荒野に、小さな6つの影と大きな1つの影が対峙していた。
 その2つの間に流れる流れる空気は穏やかなものではない。
 やがて、6つの影のうち、最も大きな影が、大きな1つの影へと武器を構えて突進していく。大きな影、一般に龍と呼ばれるものはそれを認めると応じるように右前足を突き出した。人と龍の戦闘の開始である。
 一方で、残った5人の方にも動きがあった。
 初めに動いたのは、青いマントを羽織った女だった。女は、隣にいた草冠をした女の手を握った。二人の手のひらにはそれぞれ刺青がされている。青いマントの女は、隣の女に向かって水行の精霊を放出する。草冠をした女はそれを受けると隣の男の手をとった。
「行くよ、あんた」
 男が頷くのを見る前に男の手にある刺青に木行の精霊を放出する。思わずいつもの癖で攻撃用の精霊術にしそうになったが、ギリギリのところで思いとどまり、精霊を放出することに成功した。
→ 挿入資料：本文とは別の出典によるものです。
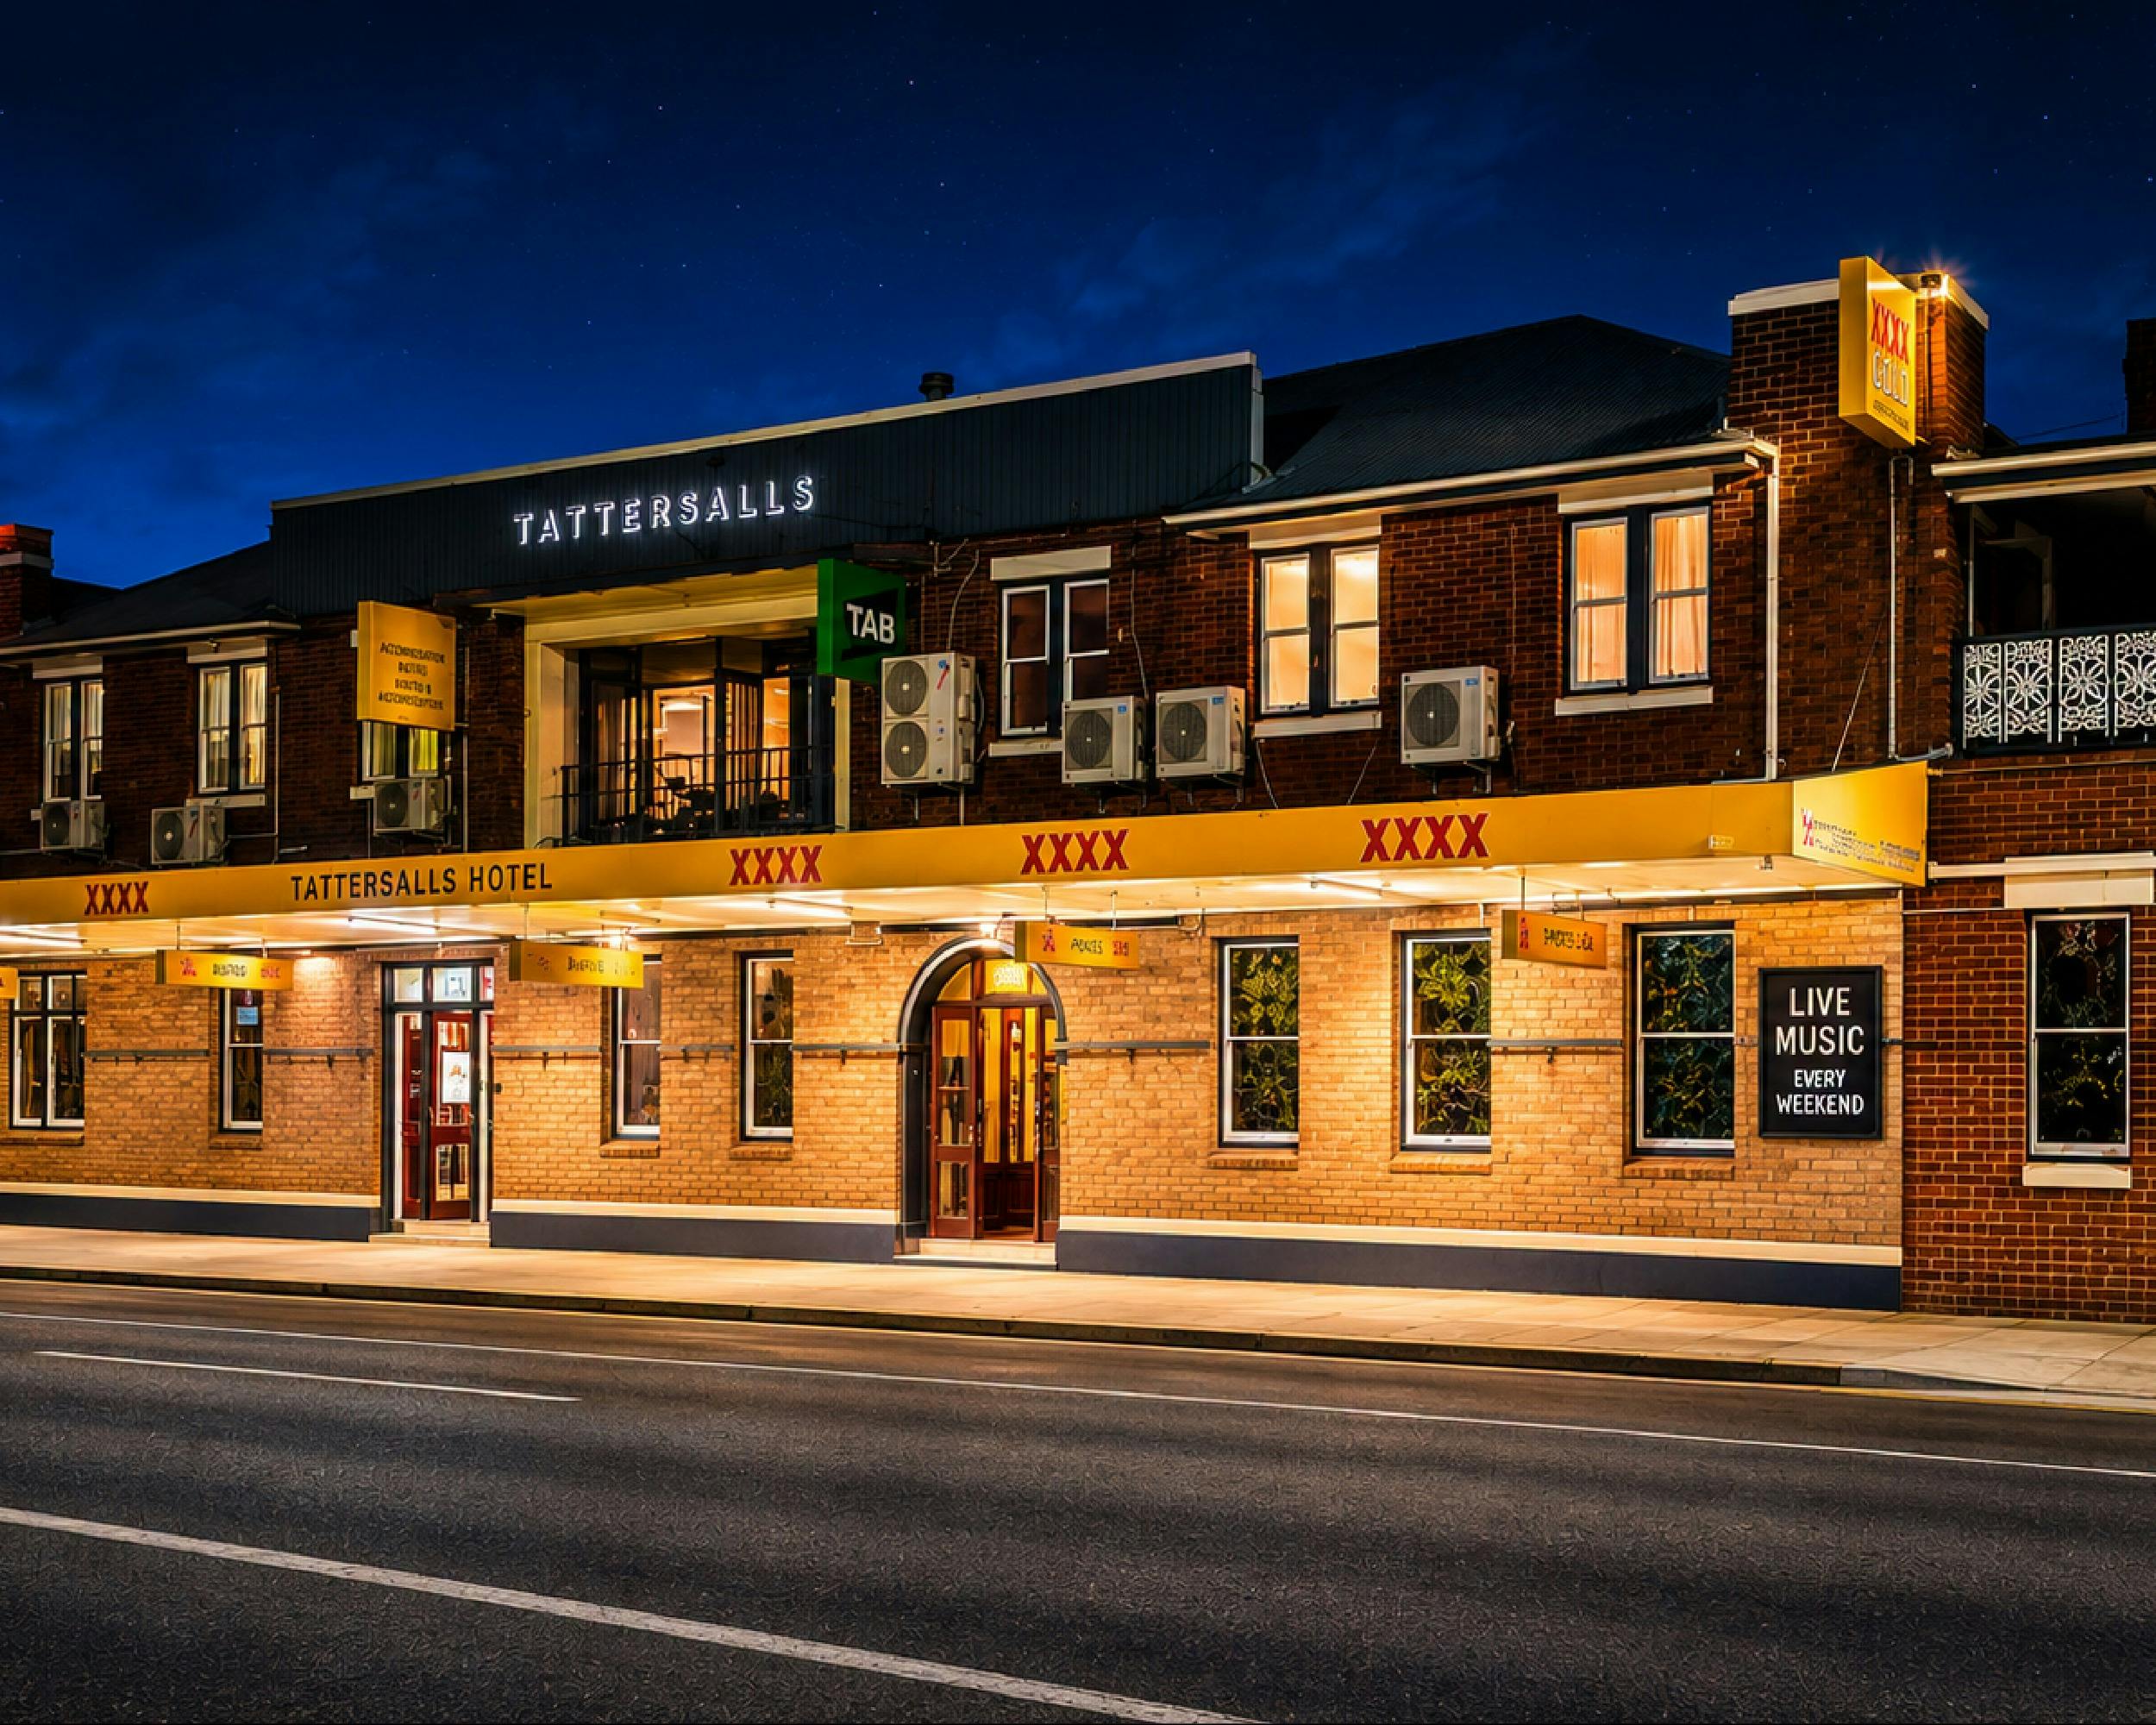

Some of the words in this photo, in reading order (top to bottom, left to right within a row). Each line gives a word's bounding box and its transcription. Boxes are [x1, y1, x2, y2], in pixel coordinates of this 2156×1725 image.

 青いマントの女が放出し、こちらに流入してきた水行の精霊を木行の精霊が吸収することでいつもと同じ精霊量だが密度の濃い精霊が男の手をつかんだ左手から放出されていくのを感じた。
 木行の精霊が右手の刺青を通じて流入される感覚に、男はわずかに安堵した。実戦でも構わずこちらの右手に精霊術を放つのが今自分の隣にいる女だ。過去それで任務が失敗したこともいくどかある。
(どうしてこいつ未だにクビにならねぇんだろうなぁ)
 そんあ思いを作りながら己の中の火行にこちらに入ってきた木行の精霊を食わす。そして隣にいる男の背中。そこにある刺青に左手を乗せる。火行の精霊は己の右手にある刺青からではなく、首筋にある刺青をとおして流入される。なぜ右手からではないのかを毎回不思議に思い、毎回誰かに聞くのだが、毎回忘れる。最近では誰に聞いても相手にされなくなってきた。しかし、別にいいか、と思う。
(考えるのは俺の仕事じゃないしな)
 考えなくても問題は起きていない。ならばそういうものだろうとおもうことにしている。
 背中の刺青から火行の精霊を取り込んだ男は、これが終わった後、うしろの男にまた刺青を3箇所彫っていることを説明しなければならないことを憂鬱に思う。正直、他の面子同様、無視すればいいのかもしれないが、そうすると後ろの男は確実に今水行を操っている女のところに聞きに行く。そうすると自分は今、前衛を一人で張っている男に無言で攻撃される。そんなことになるのは目に見えている。正直、自分に攻撃するぐらいなら直接火行の男に攻撃すればいいとおもうのだが、何やら二人の間には距離を感じる。
 二人の間に何があるか知らないが、攻撃されるのは嫌なので、後ろの男にはまた説明しなければなるまい。
 この後に待っている憂鬱な時間は忘れ、今は今の時間を大切にすることにする。
 そして彼は隣の女の右手と己の左手をつないだ。
「早く帰ろうぜ」
 右隣の男から土行の精霊を受け取った女は、彼の右手にある刺青を通して金行の精霊を取り込むと、それまでの過程で増幅されたものを精霊術として放射した。